Why am I talking about the real estate bubble? Because the money to feed the bubble had to come from somewhere, and it could not come from cash, because the savings of your average American simply could not support it. So, it came from financial institutions—banks. Increasingly ambitious and innovative financial tools were pushed by specialty lenders and mortgage brokers. As long as prices kept going up, this was a self-feeding cycle. Of course, eventually, someone needs to make actual payments towards principal and interest rather than selling and borrowing money. When it came time to pay, many people couldn’t. Many residential developers, piggy-backing on this housing frenzy, also had over-extended—built out property that no one could buy. Once the bottom fell out, prices collapsed.

BOOM. It crashed.

Now, many banks who jumped on the bandwagon and offered these heretofore highly profitable (and complicated) adjustable loans have foreclosed or are foreclosing on a bunch of real estate that is worth far less than the loan secured on it. What happens on the balance sheet? Well, after reviewing the market and realizing that property that the bank loaned someone $400,000 to buy is actually worth about $150,000, the bank’s books suddenly look not so good. The high-performing commercial paper with a principal value of X is converted into non-performing real estate with a principal value of .2X. What do you tell your investors and shareholders? Whoops? (As an aside, you could make the argument that the banks deserve even more blame than I am about to heap upon them below by seemingly introducing a credit card technique into mortgage loans—get your debtor to run up debt and get in over his head with 0% interest over a period of time and when they miss a payment, jack up the rate to prime plus 10% or whatever. Problem is, when you’re talking about hundreds of thousands of dollars, these folks just can’t service the payments).

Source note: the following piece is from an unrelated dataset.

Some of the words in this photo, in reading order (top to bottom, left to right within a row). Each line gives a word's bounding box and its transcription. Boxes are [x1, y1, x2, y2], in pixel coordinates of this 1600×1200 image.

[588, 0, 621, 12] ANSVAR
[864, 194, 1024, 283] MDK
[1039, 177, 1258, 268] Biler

Okay, so who is to blame for all of this? Here is your list, which I will call the Usual Suspects because... well, because they always are in some form or another—the consumer (home-buyer), deal-maker (mortgage broker), and bank (bank). (The list is also named in honor of one of the best movies of all time). In increasing order of culpability:

THE USUAL SUSPECTS

1) Home-buyers. Specifically, those persons who just could not hold back from getting that extra bedroom or dedicated wine-tasting cellar in that house that they could not afford by any reasonable financial calculation without absolutely relying on (a) massive appreciation of the property, (b) a gimmicky loan allowing lower payments initially, and/or (c) increased prospects for income in the future. Dumb and irresponsible decision-making.

2) Mortgage brokers. That guy who set up your loan who exuded trust and confidence? Who probably told you that you could do it, you could trust him, etc.? That guy was plain fibbing, ya’ll. Truth is, he doesn’t care. A mortgage broker has no fiduciary duty to the borrower—he has obligations to the lender to make loans within various programs, but really no duty to protect the lender, either. His goal is singular: to make lots of money. That is not really bad in and of itself except for the fact that sometimes the mortgage broker is the only one who is really consulting with the borrower. Remember, the mortgage broker gets paid at the loan closing—it is not in his interest to consider the long-term health of the loan, only that a borrower is able to get a loan of some kind, because then he gets paid. If banks were asleep at the wheel, mortgage brokers were stripping everything they could from the car.

3) Banks. Look, if you have the pot of money, and you do not do your research and due diligence and lend it out to a bunch of bad debtors... do I have to finish stating the obvious? A fool and his money are soon parted, okay? Having myself been involved on the legal side of lending more than a few times, I have been shocked at how some of these guys just hand cash out like candy with little investigation and little attention paid to agreements the lender and borrower are actually signing. Some banks do a really good, responsible job, but others—it’s just like there is no one there in that position—like no one wanted to take the job or something. And unfortunately, in my experience, the fraction of “asleep at the wheel” banks is something like 1/3 of the total. That’s a lot.

I’ll have a post later (if someone else does not beat me to it) about what I think about the proposed bail-out plan(s). Setting aside the whole collapse of our financial system as we know it issue for now; specifically, how do we fix the (primarily residential) real estate lending system that led to this disaster? Here are a couple of quick suggestions:

* Ban certain kinds of loans from banks. No more BS loans (how about the zero interest for six months adjustable rate mortgage with 3 rate-leveling points? Got that?), particularly zero interest loans or extremely short-term fixed rate period loans, which simply encourage speculation. They get too confusing and are quasi-predatory. Proviso: if you can clearly afford it, allow it. We do not want to put the kabosh on simple financial maneuvering and handy retirement tools like reverse mortgages.

* Make sure the mortgage broker has skin in the game over the life of the loan (or a period of years, say, 5 or 10). That way, the mortgage broker is also concerned about the borrower defaulting, because if the borrower does default, he doesn’t get paid in full.

* How about some required financial planning classes prior to someone qualifying for a lender’s program? A one-day 3-hour class should do it.

This is really not rocket science. We can fix it and should act to prevent this kind of disaster from occurring again. And to those who say the above ideas (or other proposed regulatory fixes) would constitute undue regulation of free enterprise: I think taking $5,000 from every taxpayer to bail out a bunch of banks is a bit more intrusive to our way of life than more regulation of the banking industry.